You can opt in to LLM-based generation via [external] (Anthropic, Gemini, OpenAI, etc. through LiteLLM) or [expressive] (local Gemma 3 270M). Those modes can produce richer/more-varied configs but inherit the usual LLM failure modes (invalid configs, weird preferences). We default to retrieval because it's the more reliable shape and fits the "responsive musical sketching" use case better than free-form generation does.


latentscore doctor failed. What now?

latentscore doctor --json prints structured output that pinpoints which checks failed and why.
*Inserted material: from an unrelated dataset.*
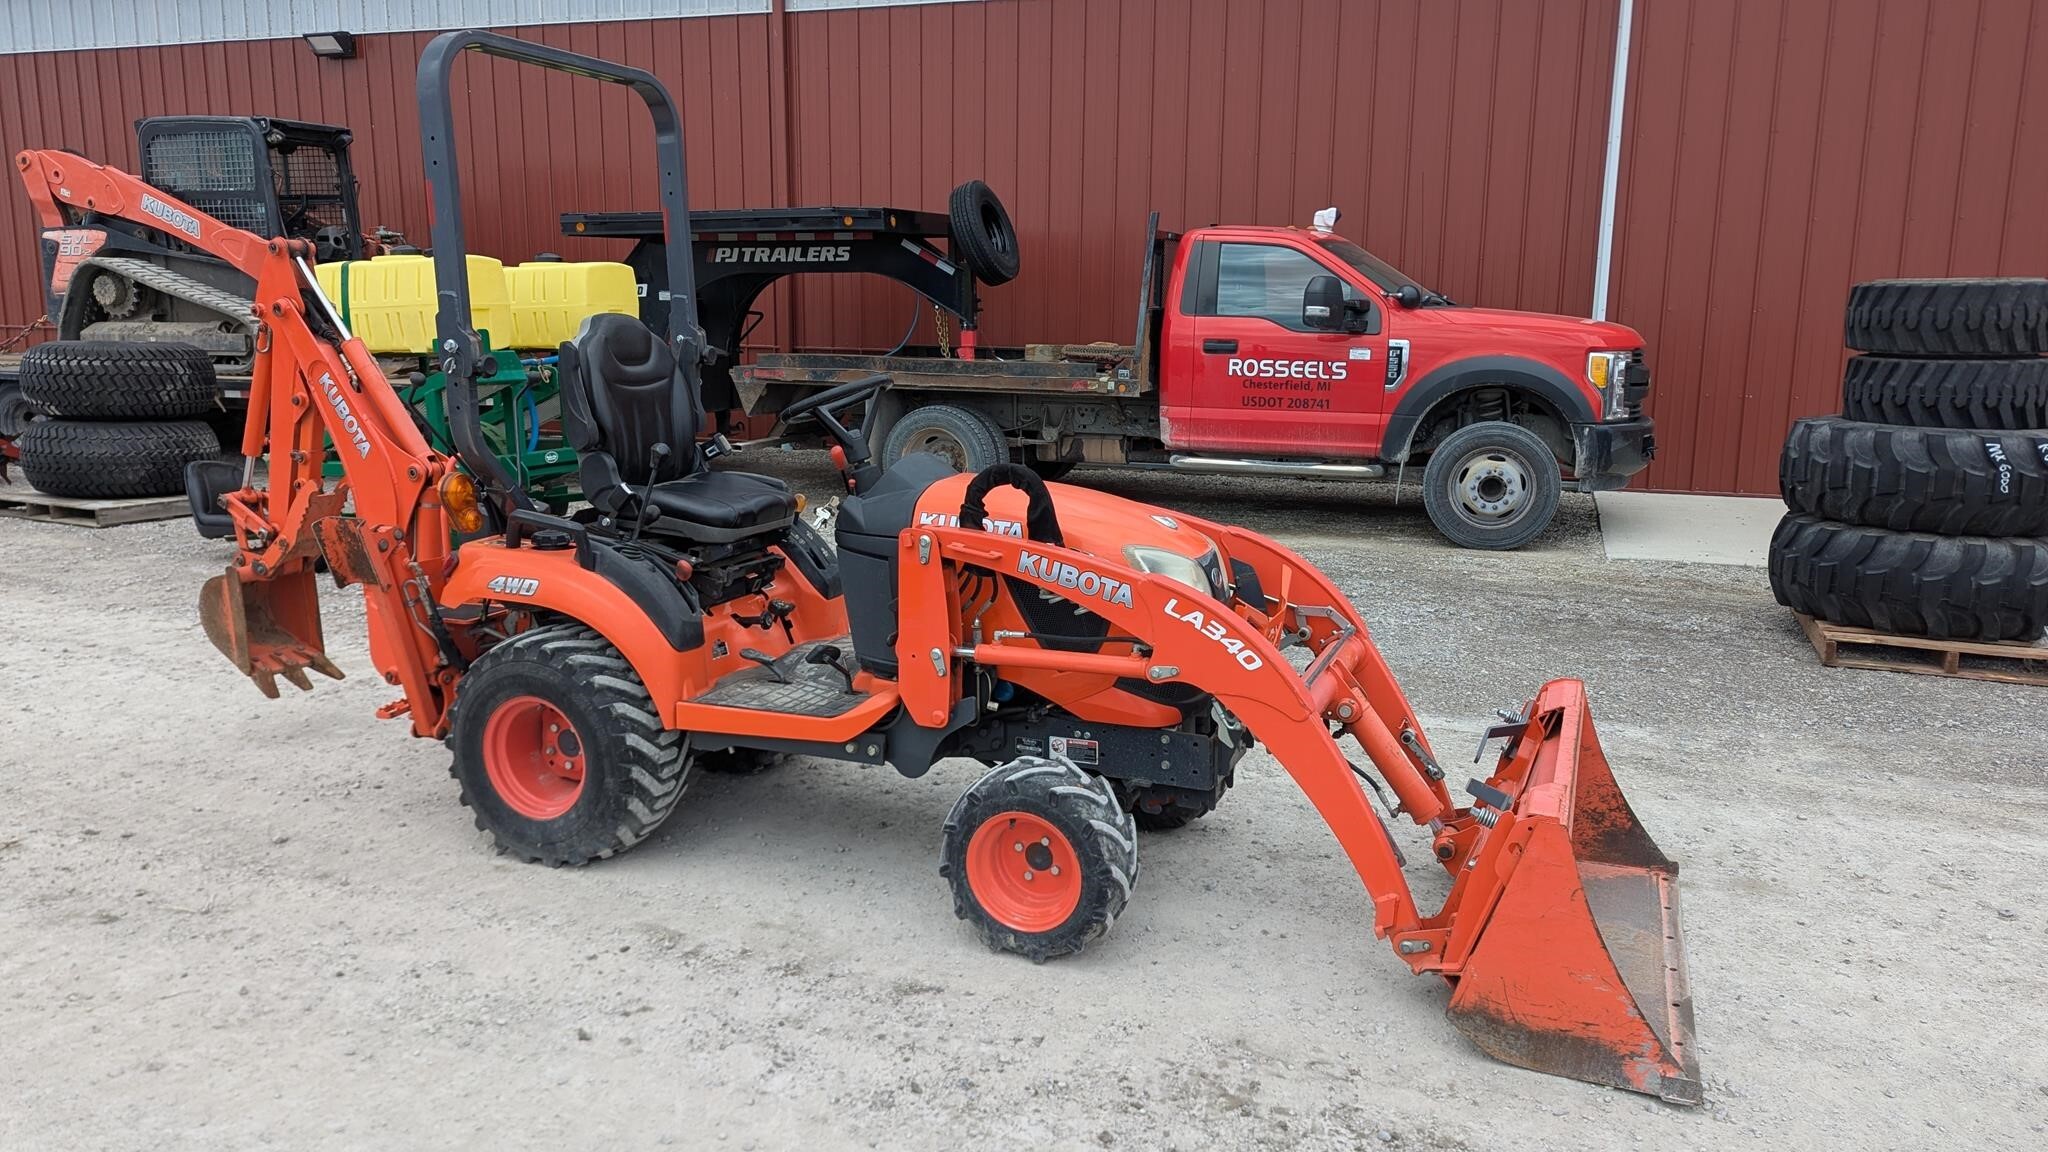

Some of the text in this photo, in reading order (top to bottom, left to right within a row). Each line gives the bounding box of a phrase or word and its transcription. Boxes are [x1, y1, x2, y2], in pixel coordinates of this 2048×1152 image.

Common failures:

CheckWhat it meansFix
python_versionPython outside 3.11–3.12Use Python 3.11 or 3.12; pip requires this range
license_presentEditable install metadata is stalepip install --force-reinstall latentscore
audio_writeCan't write a WAV via soundfileInstall libsndfile (see "import latentscore fails" above)
render_coreSynthesis is brokenFile a bug with the doctor --json output
render_retrieval (warn)Falling back to a heuristic mapper because retrieval failedlatentscore download fast to seed the model cache
external_available (fail)You ran --require-external and litellm is missingpip install "latentscore[external]"
heavy_available (fail)Same for laion_clappip install "latentscore[heavy]"
expressive_available (fail)Only appears with --require-expressivepip install "latentscore[expressive]"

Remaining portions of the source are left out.